摘要:他知道自己要走了,但不知道,出卖他的人,就在几个月前,还跟他一起啃树皮、趟水沟,还被他当做最信得过的兄弟。
本文陈述内容皆有可靠信源,已赘述文章结尾
1935年8月,江西南昌。
刑场上方志敏站得笔直,神情平静,目光很亮。
那天阳光很毒,地上的尘土被晒得发白。
他没有挣扎,也没有回头。
他知道自己要走了,但不知道,出卖他的人,就在几个月前,还跟他一起啃树皮、趟水沟,还被他当做最信得过的兄弟。
这事儿,说起来像一出戏。
但翻过历史档案,一点点拼起来看,却严丝合缝。
时间倒回到1934年底。
那时候,中央红军已经开始长征,南方留下的红军游击队成了“困兽之斗”。
赣东北,山高林密,地势复杂,是游击区之一。
方志敏带着部队,就是在这里坚持。
那不是一般的艰苦。
白天敌军围剿,晚上缺粮少药。
红军战士靠野菜、树皮、甚至草根充饥。
衣服破得不成样子,伤员用树叶包扎,走路都一瘸一拐。
可就是在这种情况下,方志敏还坚持写信给上级,汇报敌情,还鼓励战士们“信仰不能丢”。

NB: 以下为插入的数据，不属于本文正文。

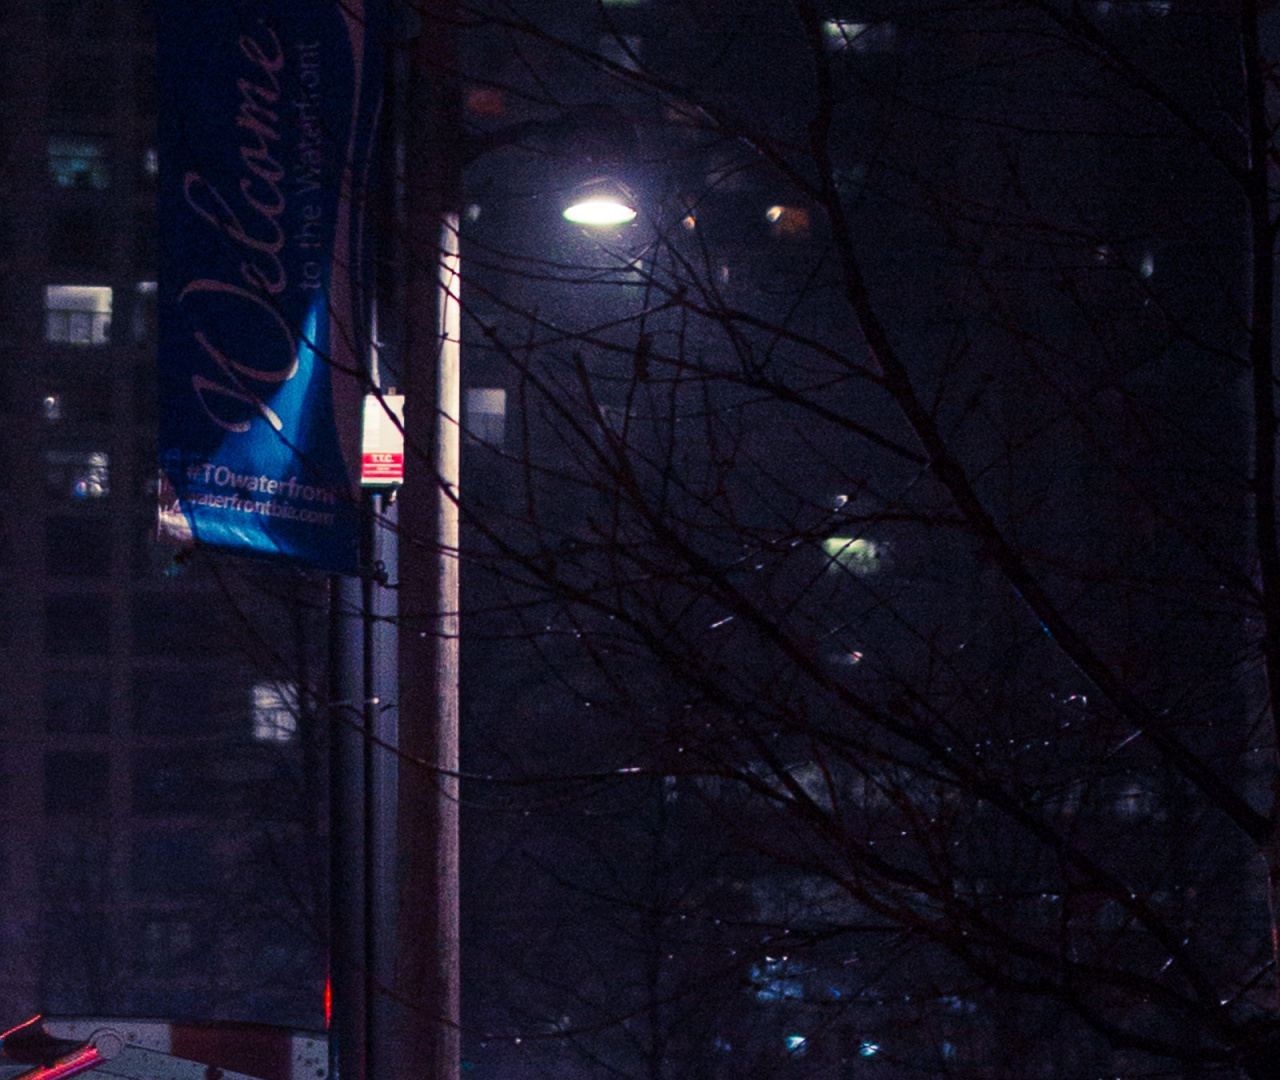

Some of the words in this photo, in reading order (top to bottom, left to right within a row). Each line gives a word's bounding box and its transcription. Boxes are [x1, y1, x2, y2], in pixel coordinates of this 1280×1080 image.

[292, 40, 322, 195] Waterfront
[178, 19, 298, 433] Welcome
[295, 205, 321, 249] the
[298, 261, 321, 291] to

他说:“我们现在吃的是草根,可我们心里装着的是整个中国。”
那会儿,他身边有个副官,姓陈,江西人。
年纪不大,说话不多,是从井冈山时期就留下来的老红军。
方志敏很信他,什么机密任务都交给他。
战士们也都服他,说他打仗不怕死,背着伤员走一夜山路都不喊累。
可谁也没想到,就是这样一个人,会成了后来那场悲剧的关键。
1935年初,部队在怀玉山一带转移。
那地方山谷深,村子零散。
一次途中,陈副官认识了一个村里的女人,寡妇,三十岁不到,长得清秀,是靠给红军缝衣做饭换点吃食的。
她说话温柔,手脚麻利,很快就在部队里混了个脸熟。
那时候谁都缺感情上的慰藉,尤其是像陈副官这样,常年打仗、没个归处的人。
开始谁也没在意。
他们之间的来往也不算张扬。
可后来,有人发现他总在去那个村子的路上停留,时间还越来越久。
敌军的情报部门早就盯上了这一带。
国民党在地方上布了不少眼线,尤其是拿“女人”当突破口的手法,用得熟练。
而这名寡妇,不知是自己主动靠过去的,还是被威胁利诱,总之是成了突破口。
从档案里看,陈副官第一次泄露情报,是1935年1月中旬。
那天,他带着一张地图,从一个山头回来,晚上悄悄翻过山梁到了对面那个村子。
没几天,敌军就准确包围了红军一处临时驻地,连方志敏都说:“这次他们知道得太快。”
再之后,就是1月下旬那次大围剿。
怀玉山被封得死死的,红军突围失败,方志敏被俘。
那天他身上有伤,脚也冻坏了,但他还是坚持让战士们先走,自己留下掩护。
那之后,陈副官突然“失踪”。
有人说他在突围时牺牲了,有人说他被俘了。
可几十年后,一封未寄出的信从他老家的墙缝里被发现,信里写着:“她哭了,我心软了。
我没想到会是这个结局。”
那封信没署名,但信封上有“1936年 江西玉山”的字样。
配合当年的内部通报,事情才慢慢拼出个轮廓。
方志敏被捕后,被关进南昌看守所。
那是个潮湿阴冷的地方,窗户只有拳头大,进风不进光。
他每天被审讯,敌人想从他嘴里撬出什么“大计划”,可他一句都没说。
反倒是在牢里,他写下了《可爱的中国》《清贫》《狱中纪实》等文章。
用的纸是从看守那儿求来的,有时候是旧报纸背面,有时候是破日历。
他用一根削尖的竹签蘸墨水写,一页页藏在棉衣夹层里。
看守说他有次写完一段话,抬头看了他一眼,说:“我写完这些,就可以去了。”
南昌行刑那天,天气闷热。
他穿着一件灰色旧中山装,脚步没有一丝迟疑。
路边有人偷偷掉泪,更多人低头不语。
士兵说:“他没喊冤,也没求饶。”最后一句话,是:“我死不足惜,只愿中国早日光明。”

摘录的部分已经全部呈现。